_Problem to work on_
Both the line below containing "this 1334×1500 image." and the line containing "this 1440×960 image.", along with every line between them, should be repeated exactly; no other line belongs in the answer.

(Collected data)
------------------------

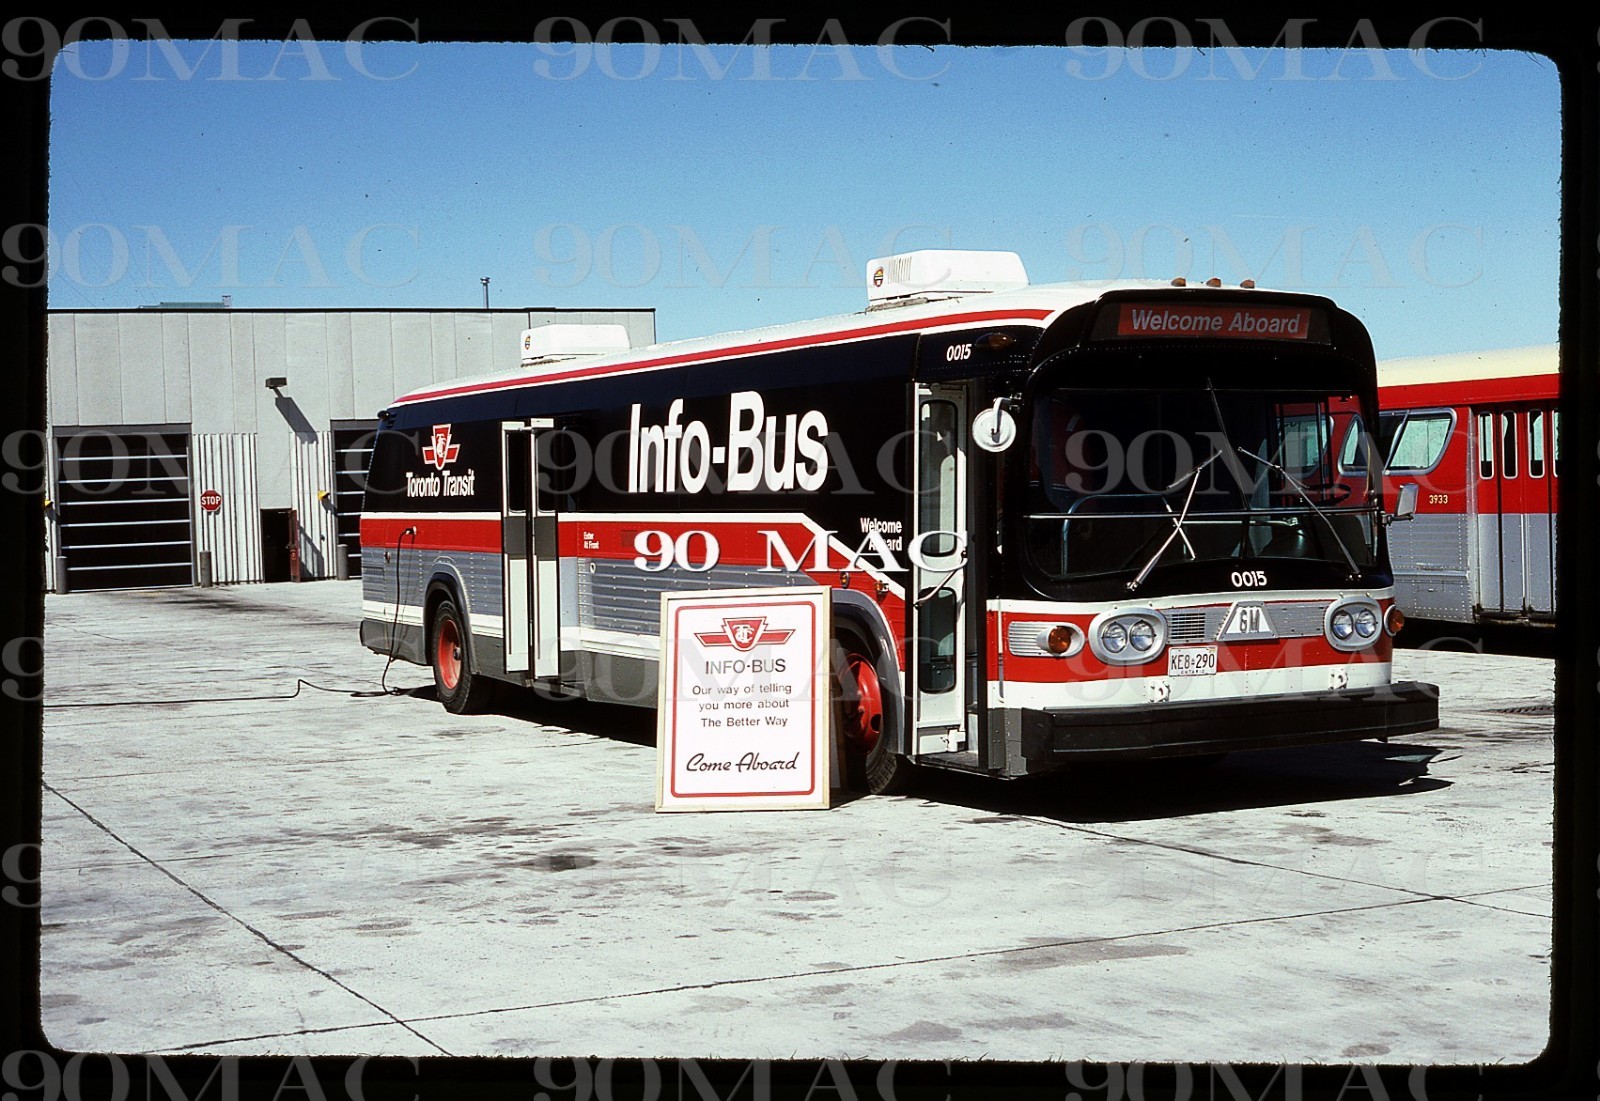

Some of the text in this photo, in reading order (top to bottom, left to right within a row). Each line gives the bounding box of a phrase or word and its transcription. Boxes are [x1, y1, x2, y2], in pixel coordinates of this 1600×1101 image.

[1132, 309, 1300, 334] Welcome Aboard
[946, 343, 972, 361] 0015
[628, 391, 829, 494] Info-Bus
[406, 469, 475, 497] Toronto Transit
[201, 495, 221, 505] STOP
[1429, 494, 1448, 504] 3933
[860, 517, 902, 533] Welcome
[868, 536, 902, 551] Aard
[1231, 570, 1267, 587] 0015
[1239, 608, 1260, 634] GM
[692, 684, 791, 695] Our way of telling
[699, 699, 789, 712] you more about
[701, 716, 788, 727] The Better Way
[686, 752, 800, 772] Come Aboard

------------------------

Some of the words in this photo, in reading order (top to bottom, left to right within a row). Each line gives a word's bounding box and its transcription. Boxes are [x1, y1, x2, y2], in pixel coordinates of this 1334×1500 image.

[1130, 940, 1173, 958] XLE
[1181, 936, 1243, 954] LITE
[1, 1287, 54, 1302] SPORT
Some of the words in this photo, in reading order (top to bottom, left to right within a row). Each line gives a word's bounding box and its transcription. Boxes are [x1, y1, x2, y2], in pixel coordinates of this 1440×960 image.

------------------------

_Response for this exercise_
Some of the words in this photo, in reading order (top to bottom, left to right within a row). Each line gives a word's bounding box and its transcription. Boxes are [x1, y1, x2, y2], in pixel coordinates of this 1334×1500 image.

[1130, 940, 1173, 958] XLE
[1181, 936, 1243, 954] LITE
[1, 1287, 54, 1302] SPORT
Some of the words in this photo, in reading order (top to bottom, left to right within a row). Each line gives a word's bounding box and its transcription. Boxes are [x1, y1, x2, y2], in pixel coordinates of this 1440×960 image.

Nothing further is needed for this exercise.